**What the task requires**
Copy each line below as it stands, but skip any picture it contains.

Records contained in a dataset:
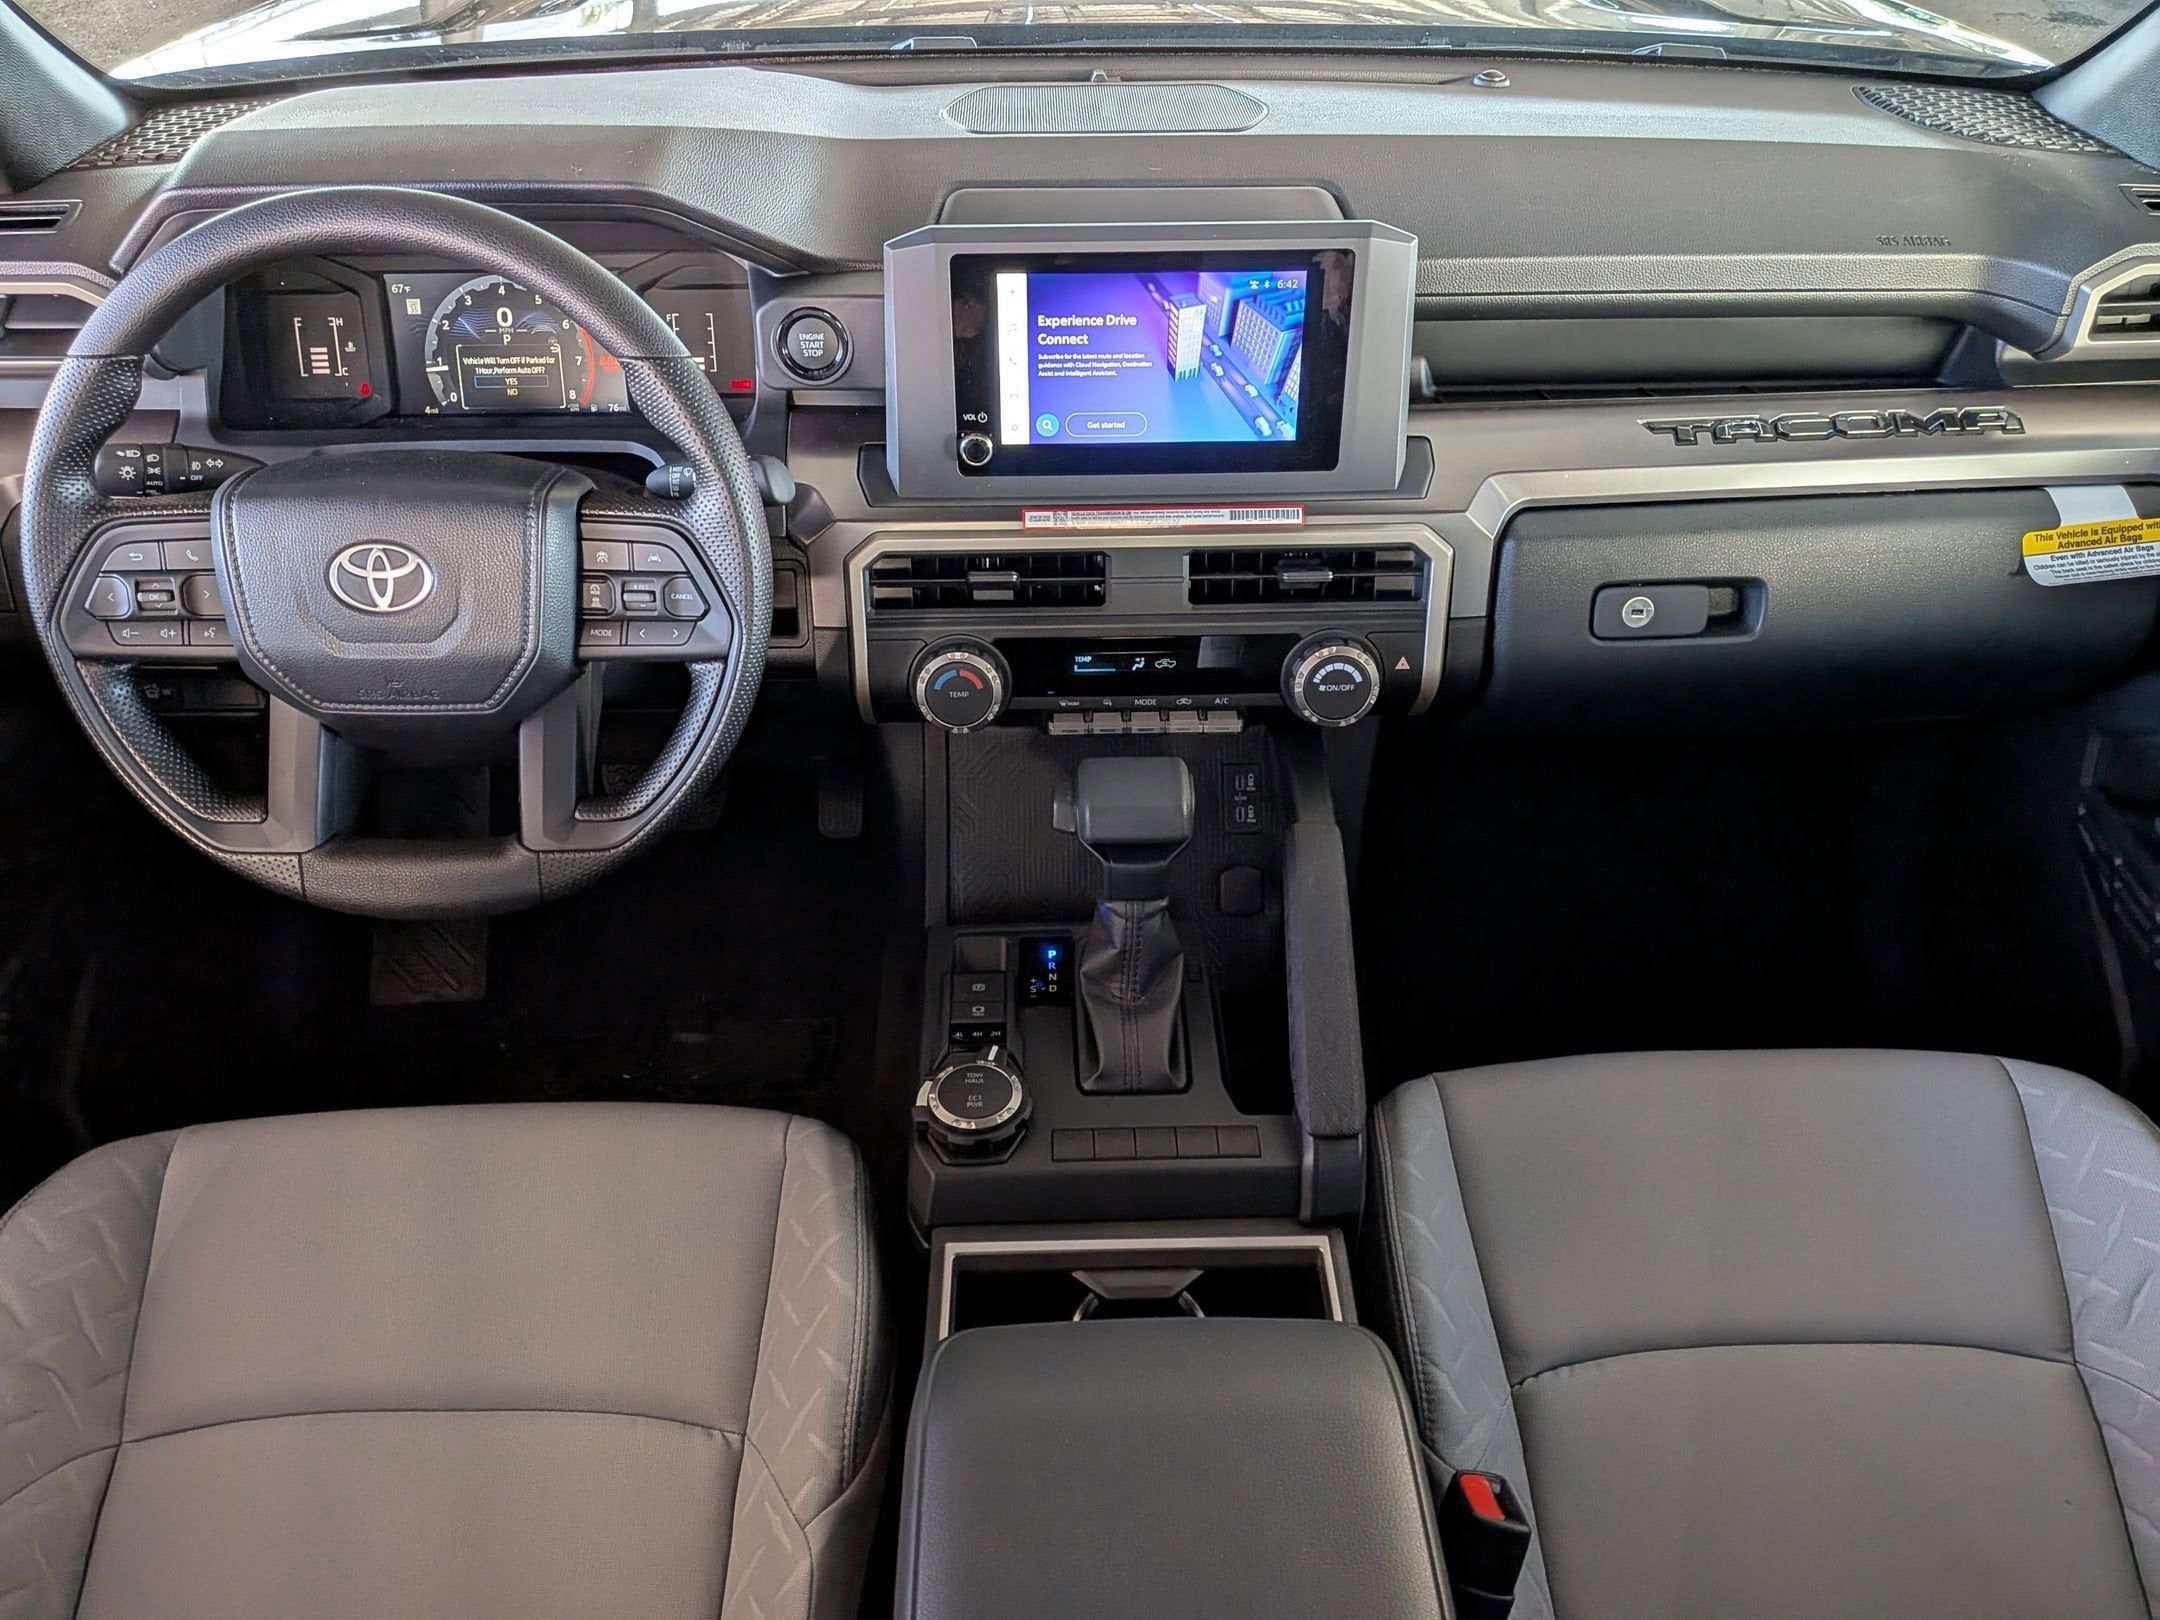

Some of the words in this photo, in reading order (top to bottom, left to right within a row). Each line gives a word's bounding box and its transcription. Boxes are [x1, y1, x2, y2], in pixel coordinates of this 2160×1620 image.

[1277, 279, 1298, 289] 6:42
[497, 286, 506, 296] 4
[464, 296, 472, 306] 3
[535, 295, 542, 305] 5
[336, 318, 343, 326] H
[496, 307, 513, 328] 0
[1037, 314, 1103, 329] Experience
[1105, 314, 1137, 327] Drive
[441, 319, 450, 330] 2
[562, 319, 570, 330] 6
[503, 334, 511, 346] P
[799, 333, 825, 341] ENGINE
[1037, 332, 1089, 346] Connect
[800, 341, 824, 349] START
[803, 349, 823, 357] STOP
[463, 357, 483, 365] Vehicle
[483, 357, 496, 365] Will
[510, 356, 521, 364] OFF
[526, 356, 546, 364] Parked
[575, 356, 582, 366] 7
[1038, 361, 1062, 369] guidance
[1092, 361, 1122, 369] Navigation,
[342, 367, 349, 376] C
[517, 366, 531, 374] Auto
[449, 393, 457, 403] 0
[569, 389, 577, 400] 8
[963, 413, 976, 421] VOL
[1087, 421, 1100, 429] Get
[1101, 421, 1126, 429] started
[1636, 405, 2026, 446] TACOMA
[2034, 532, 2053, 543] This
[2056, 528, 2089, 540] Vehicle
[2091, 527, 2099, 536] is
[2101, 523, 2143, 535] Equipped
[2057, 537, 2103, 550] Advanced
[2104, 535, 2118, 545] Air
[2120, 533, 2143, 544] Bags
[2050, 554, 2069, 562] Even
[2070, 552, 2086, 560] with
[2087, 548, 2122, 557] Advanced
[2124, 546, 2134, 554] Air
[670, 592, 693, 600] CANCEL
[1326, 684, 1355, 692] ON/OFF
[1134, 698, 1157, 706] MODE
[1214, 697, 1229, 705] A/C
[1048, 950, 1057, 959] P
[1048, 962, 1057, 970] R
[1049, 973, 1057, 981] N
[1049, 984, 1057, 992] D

**Solution to the exercise**
Some of the words in this photo, in reading order (top to bottom, left to right within a row). Each line gives a word's bounding box and its transcription. Boxes are [x1, y1, x2, y2], in pixel coordinates of this 2160×1620 image.

[1277, 279, 1298, 289] 6:42
[497, 286, 506, 296] 4
[464, 296, 472, 306] 3
[535, 295, 542, 305] 5
[336, 318, 343, 326] H
[496, 307, 513, 328] 0
[1037, 314, 1103, 329] Experience
[1105, 314, 1137, 327] Drive
[441, 319, 450, 330] 2
[562, 319, 570, 330] 6
[503, 334, 511, 346] P
[799, 333, 825, 341] ENGINE
[1037, 332, 1089, 346] Connect
[800, 341, 824, 349] START
[803, 349, 823, 357] STOP
[463, 357, 483, 365] Vehicle
[483, 357, 496, 365] Will
[510, 356, 521, 364] OFF
[526, 356, 546, 364] Parked
[575, 356, 582, 366] 7
[1038, 361, 1062, 369] guidance
[1092, 361, 1122, 369] Navigation,
[342, 367, 349, 376] C
[517, 366, 531, 374] Auto
[449, 393, 457, 403] 0
[569, 389, 577, 400] 8
[963, 413, 976, 421] VOL
[1087, 421, 1100, 429] Get
[1101, 421, 1126, 429] started
[1636, 405, 2026, 446] TACOMA
[2034, 532, 2053, 543] This
[2056, 528, 2089, 540] Vehicle
[2091, 527, 2099, 536] is
[2101, 523, 2143, 535] Equipped
[2057, 537, 2103, 550] Advanced
[2104, 535, 2118, 545] Air
[2120, 533, 2143, 544] Bags
[2050, 554, 2069, 562] Even
[2070, 552, 2086, 560] with
[2087, 548, 2122, 557] Advanced
[2124, 546, 2134, 554] Air
[670, 592, 693, 600] CANCEL
[1326, 684, 1355, 692] ON/OFF
[1134, 698, 1157, 706] MODE
[1214, 697, 1229, 705] A/C
[1048, 950, 1057, 959] P
[1048, 962, 1057, 970] R
[1049, 973, 1057, 981] N
[1049, 984, 1057, 992] D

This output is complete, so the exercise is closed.